Since June 2004, the Kunstbibliothek’s Collection of Photography has presented regular exhibitions of its works at the Museum für Fotografie opposite Zoologischer Garten station. The collection shares the venue with the Helmut Newton Foundation, which has also taken up permanent residency in the building. In the newly restored Kaisersaal, the Collection of Photography displays examples of all forms of photography from the 19th, 20th, and 21st century, from the dawn of the photographic medium to artistic works by contemporary photographers. The photographs are stored in the Museum für Fotografie and are accessible by appointment.

As early as 1868, photographs were acquired for the Kunstgewerbemuseum’s library (the precursor of today’s Kunstbibliothek), intended as 'didactic models of architecture and craftsmanship.' Today the Collection holds approximately 160,000 photographs and is divided into two main areas: the photographic archive and the collection of artistic photographs. In addition to this comes a rich collection of historical postcards, photogrammetric photographs, and the bequeathed estates of photographic material.

With approximately 50,000 pictures, the photographic archive forms the oldest part of the collection and was originally intended as visual aids for use in the teaching facilities at the Kunstgewerbemuseum (Museum of Decorative Arts) in the 19th century. The range of subjects and motifs featured stretches from architectural and topographical views, documentary and commercial photography to travel images from Germany, France, Italy, Greece, and the Middle and Far East. The original owners of such pictures were generally commercial studios and photographers such as Edouard Baldus, Domenico Bresolin, Robert MacPherson, Samuel Bourne, Eugène Atget, F. Albert Schwartz, Werner Mantz and Arthur Köster. The artist’s studies depict landscapes, plant and animal portraits, nudes and portraits of people.
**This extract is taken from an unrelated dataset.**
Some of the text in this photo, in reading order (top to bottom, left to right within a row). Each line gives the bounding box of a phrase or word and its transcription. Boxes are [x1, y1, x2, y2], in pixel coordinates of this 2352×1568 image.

The collection of artistic photographs was also originally intended for documentary use, with many of the photographs gathered to illustrate, for instance, the 'process of the printed image.' The first private photographic collections that subsequently made their way into our collection originally came from Ernst Juhl and Fritz Matthies-Masurian (in 1914 and 1916 respectively), two men who made Pictorialism a recognized art form in Germany. The approximately 300 photographs date from between 1880 and 1915 and were taken by photographers such as Edward Steichen, Alfred Stieglitz, Heinrich Kühn, and Hugo Henneberg. For photography to attain recognition as an art form, these photographers experimented with elaborate printing techniques with an eye to imitating differences in texture akin to those in painting and drawing. Their choice of subject (landscape, portrait, and genre scene), belies the influence of Impressionism, Jugendstil, and Symbolist art.
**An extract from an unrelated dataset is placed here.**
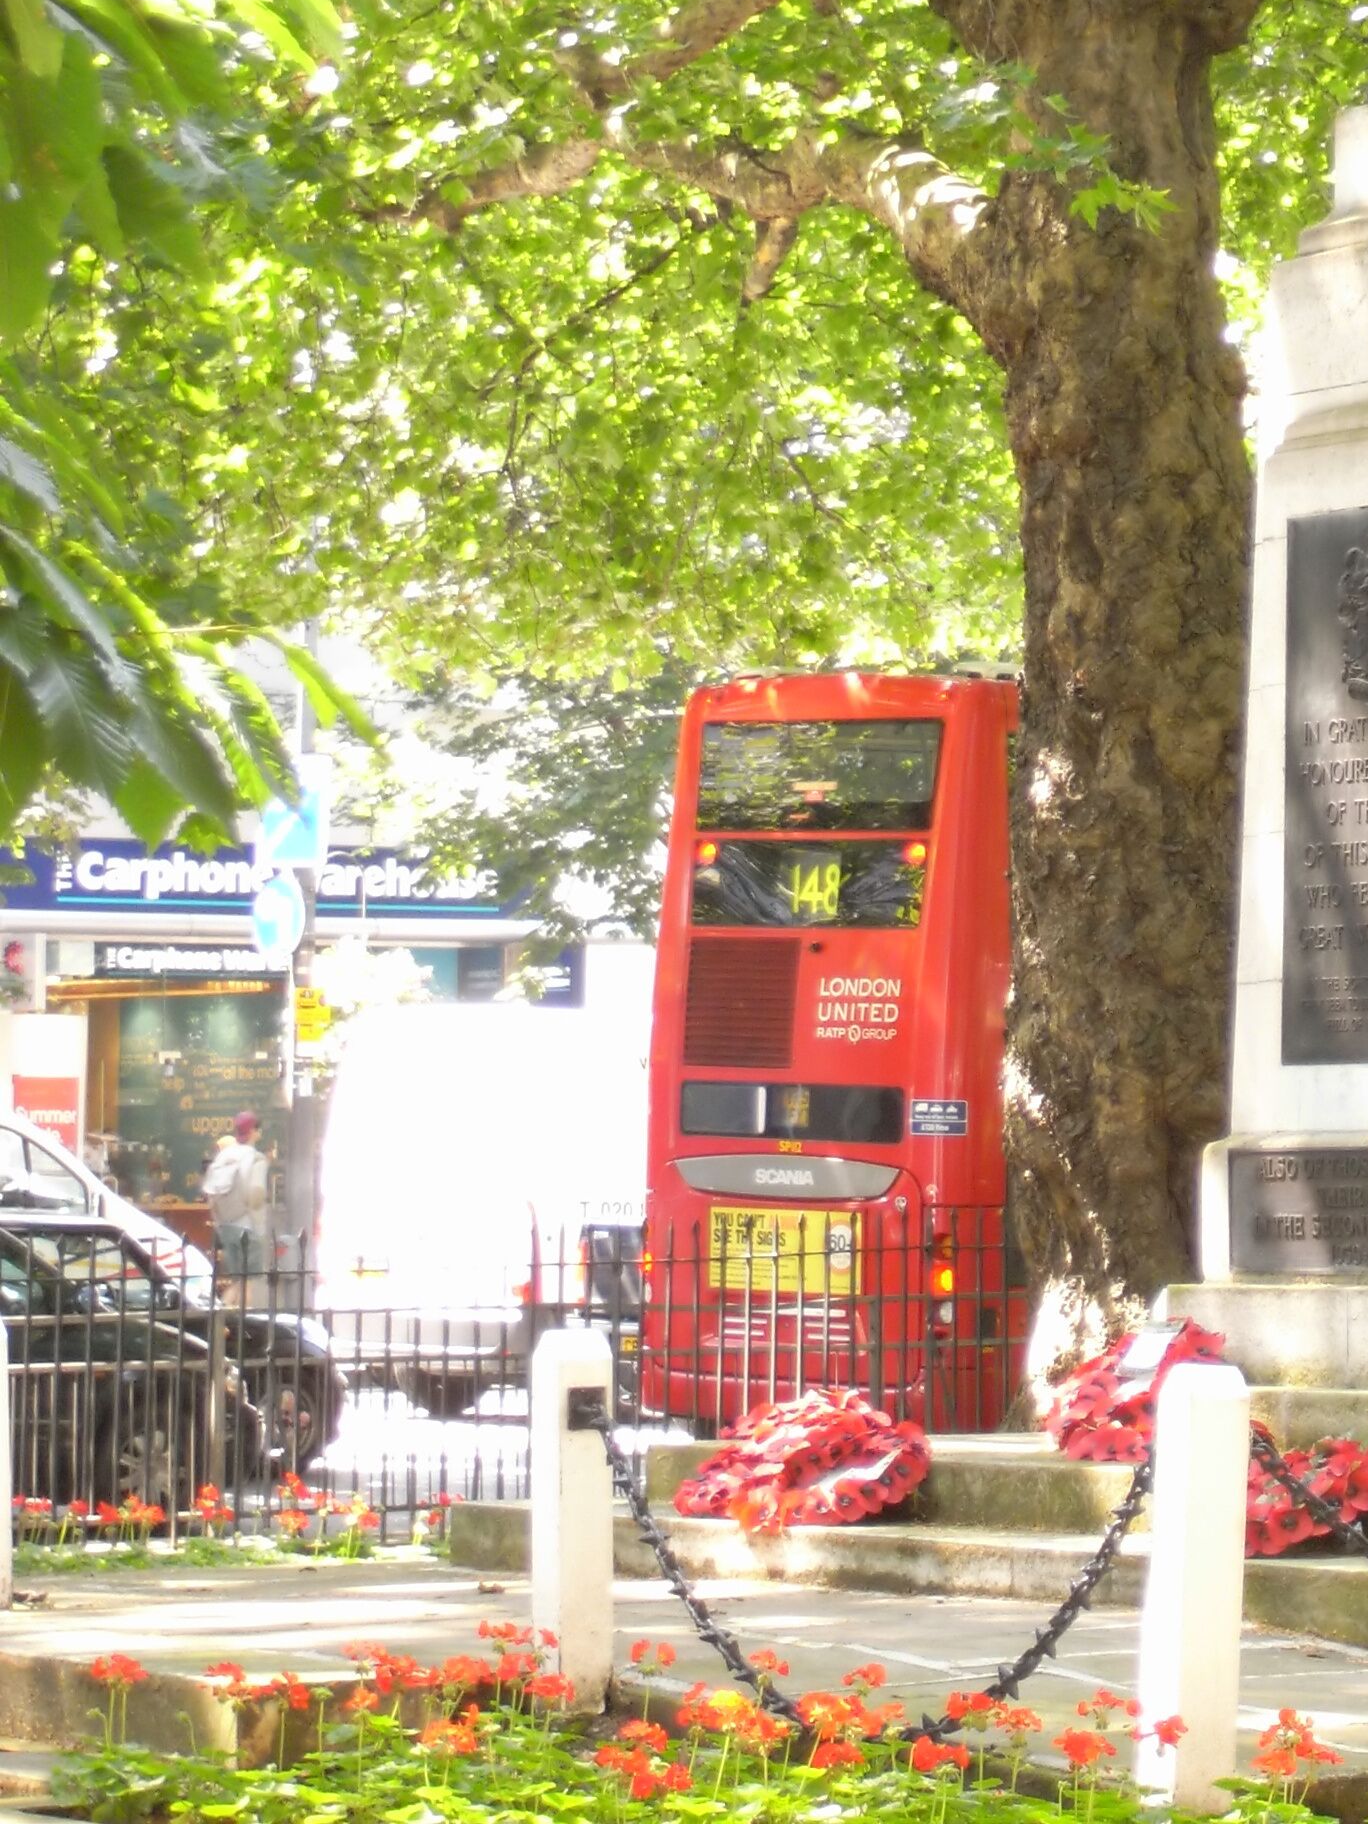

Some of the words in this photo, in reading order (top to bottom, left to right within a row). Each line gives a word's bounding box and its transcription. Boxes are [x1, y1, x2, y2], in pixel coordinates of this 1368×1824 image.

In the 1920s a new movement left its mark on photography as a new visual consciousness arose under the banner of 'Neues Sehen' (or 'New Vision') and 'New Objectivity'. Between 1929 and 1932 around a hundred incunabula of 'New Vision' were acquired for the collection of artistic photography, and most of these works originated from the legendary 'Film und Foto' group show that first opened in Stuttgart in 1929, organised by the Deutscher Werkbund (an association of professional German artists and designers). Among its most important proponents were Max Burchartz, Hans Finsler, Florence Henri, Helmar Lerski, László Moholy-Nagy, Oskar Nerlinger, Albert Renger-Patzsch, and Sasha Stone.

After that, it was not until the 1990s that the collection began to grow steadily again. Over the last two decades several bequests and major donations have made their way into the collection, including those from art photographer Otto Ehrhardt, from Martin Badekow (who ran one of the most famous portrait studios in Berlin in the 1920s), from Willy Römer’s photographic press archive, as well as photographs by Bernhard Larsson (who worked as a reporter in East and West Berlin in the 1960s), and Ludwig Windstosser, the leading industrial photographer of the postwar period.
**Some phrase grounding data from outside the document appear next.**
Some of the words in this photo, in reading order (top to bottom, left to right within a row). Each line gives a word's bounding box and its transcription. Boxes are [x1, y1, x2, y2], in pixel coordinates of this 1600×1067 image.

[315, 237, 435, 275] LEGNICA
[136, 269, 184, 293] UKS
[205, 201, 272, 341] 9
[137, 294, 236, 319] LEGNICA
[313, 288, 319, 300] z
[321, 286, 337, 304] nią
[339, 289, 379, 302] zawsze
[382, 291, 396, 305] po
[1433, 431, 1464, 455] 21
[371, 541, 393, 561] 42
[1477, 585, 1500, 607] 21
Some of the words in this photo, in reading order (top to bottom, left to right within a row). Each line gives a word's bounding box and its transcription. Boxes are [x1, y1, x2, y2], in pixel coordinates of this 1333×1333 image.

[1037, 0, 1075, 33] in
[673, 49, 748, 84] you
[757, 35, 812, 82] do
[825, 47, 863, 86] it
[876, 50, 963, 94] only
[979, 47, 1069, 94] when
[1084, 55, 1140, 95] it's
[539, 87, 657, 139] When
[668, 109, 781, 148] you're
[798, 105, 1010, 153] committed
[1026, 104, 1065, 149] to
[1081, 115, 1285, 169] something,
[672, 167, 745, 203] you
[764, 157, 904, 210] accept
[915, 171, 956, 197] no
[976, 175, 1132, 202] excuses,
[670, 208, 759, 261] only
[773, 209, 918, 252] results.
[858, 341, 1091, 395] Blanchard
Some 300 photogrammetric albums contain approximately 28,000 photographs of buildings and city views of architectural importance. Originally from the Staatliche Bildstelle Berlin, the albums were incorporated into the collection after the Second World War. The approximately 42,000 postcards of landscape photography, travel pictures, and urban topographical views range in date from the late 19th century to the late 20th century.

Held with generous support from the Verein der Freunde des Museums für Fotografie

In May 2010 the Kaisersaal on the second floor of the Museum für Fotografie was able to be reopened after extensive renovation work and redesign. A spacious exhibition room, designed by Kahlfeldt Architekten, was created that now meets all the modern demands for the display of historical photographic works. Since its opening in 2004, the Museum of Photography has established itself as the central, integrative meeting point for the medium of photography at the Staatliche Museen zu Berlin. With its series of exhibitions, ranging from 19th century travel photography to contemporary photo installations, the museum has not just made a name for itself in the photographic world but has also managed to build up a specialist library and host numerous symposia and lectures.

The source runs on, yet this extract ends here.